The Enterprise Radiation Forest project started in 1968. Around 1,440 acres were procured and fenced off in the Enterprise Forest, which is owned by Oneida County. The land was leased to the US Forest Service for 20 years starting on August 1, 1969, for $8,476 . A catalogue was made of all flora and fauna species in the area. In August 1971 researchers acquired a lead pig containing 10,000 curies of the radiation source caesium-137, which had previously been located at research facilities in Oak Ridge, Tennessee and Puerto Rico. They chose a radiation site ("Site 1") at a location where multiple forest types (aspen, paper birch, and northern hardwood) converged. A small research building 0.5 miles away from the radiation site held equipment and served as a location to conduct the experiment from.

Starting on May 3, 1972, the forest was irradiated for 20 hours per day with four hours designated for research. Thomas Rudolph, the head of the project, spent a large proportion of his time assuaging the concerns of locals and congresspeople. Although the project was originally planned to last 20 years, the irradiation was ended on October 16, 1972, after one growing season, due to budget cuts. After the end of irradiation, the research team continued gathering data. The project was officially terminated on June 30, 1974. The site was dismantled and the land became public forest again. No long-term effects of the radiation experiment on the forest ecosystem were identified.

== Ecosystem ==
The soil composition of the Enterprise Radiation Forest is primarily peat, with the rest being loam and silt loam. The forest is roughly half wetland and half second-growth deciduous forest; in 1970 the trees had an average age of 24.4 years.

=== Flora ===
Johanna Clausen recorded 193 species of vascular plants around Site 1, and a further 111 species elsewhere in the fenced-off section of the forest. The region in which Oneida County falls is dominated by sugar maple, hemlock, yellow birch, basswood, white pine, red pine, and jack pine, with some influence from true boreal forests to the northwest. Clausen identifies the ground flora as most similar to the "northern dry–mesic" forest type. The most common ground cover species around Site 1 were wild sarsparilla, large-leaved aster, sedge, wild lily-of-the-valley, ricegrass, and bracken fern. (Note: For a full list of flora species at Site 1, see Clausen 1974. The remaining species in the rest of the Radiation Forest are listed at Clausen 1974.)

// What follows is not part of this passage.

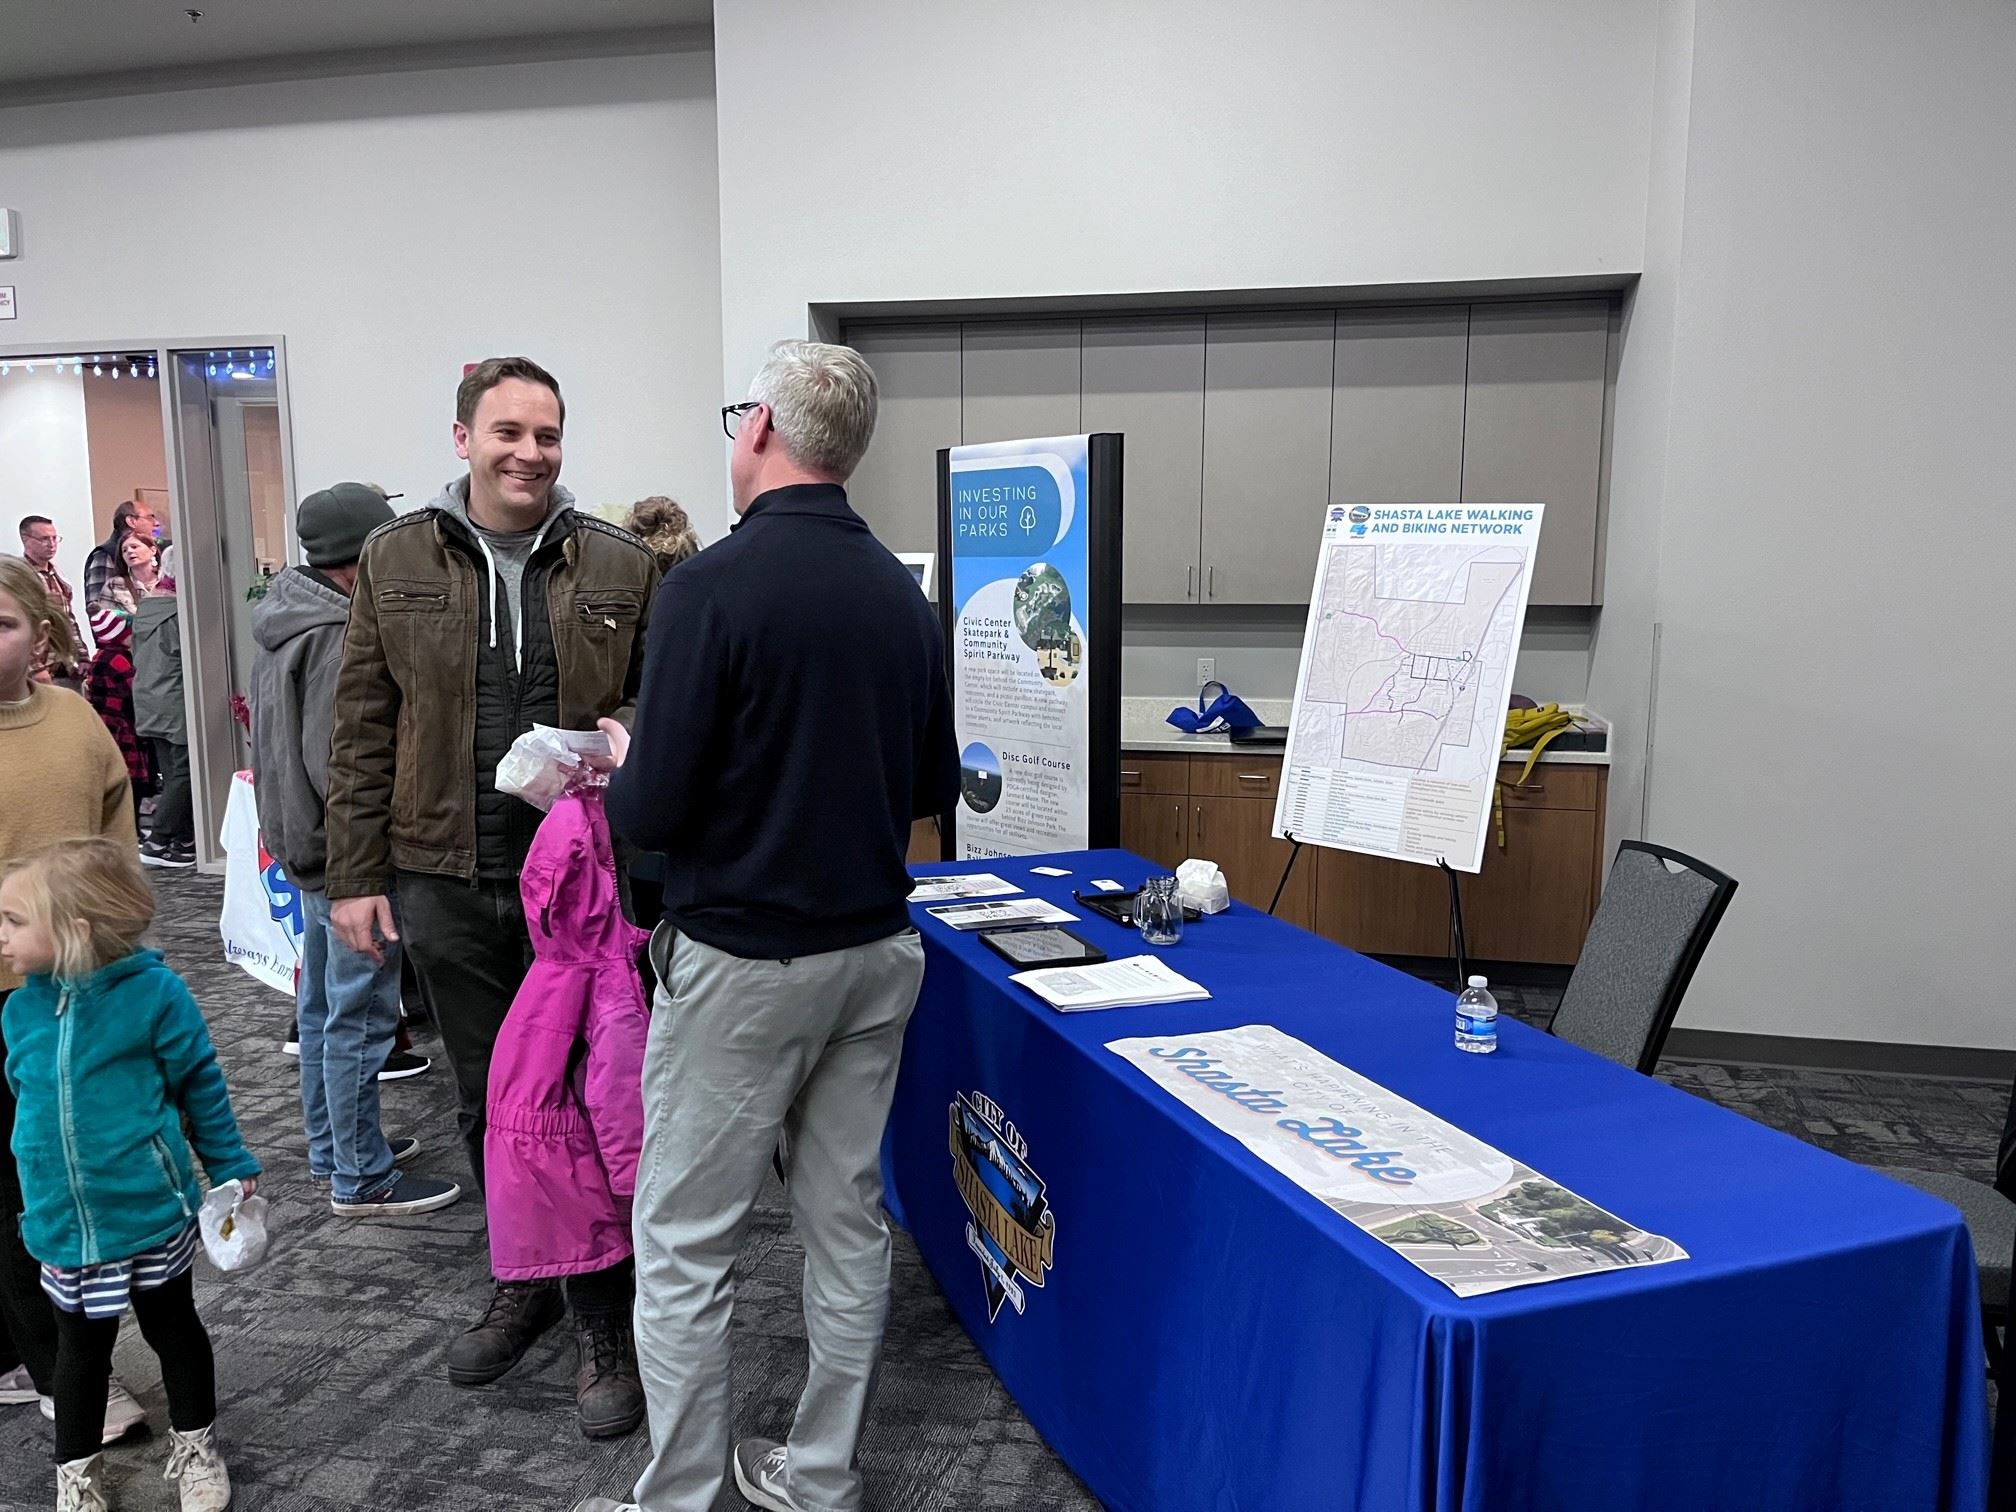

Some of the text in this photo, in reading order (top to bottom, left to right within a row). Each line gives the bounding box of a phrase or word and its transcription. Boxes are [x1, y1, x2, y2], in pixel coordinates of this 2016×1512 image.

J. Zavitkovski identified quaking aspen, paper birch, red maple, and sugar maple as the most prevalent tree species around Site 1.

=== Fauna ===
The remote location and variety of habitats has resulted in significant faunal diversity. Common amphibians include the American toad, northern spring peeper, green frog, and wood frog, as well as the red-backed salamander. Reptiles identified in the forest are the northern red-bellied snake, eastern garter snake, northern ring-necked snake, eastern smooth green snake, western fox snake, and the western painted turtle. Numerous species of birds have been identified in the forest, with the most common year-round species being the ruffed grouse, raven, blue jay, black-capped chickadee, white-breasted nuthatch, purple finch, hairy woodpecker, and downy woodpecker. (Note: A list of amphibian species in the forest is found at Buech 1974; reptile species are listed at p. 120, Table 2; avians are listed at p. 121, Table 3; mammals are listed at p. 122, Table 4.)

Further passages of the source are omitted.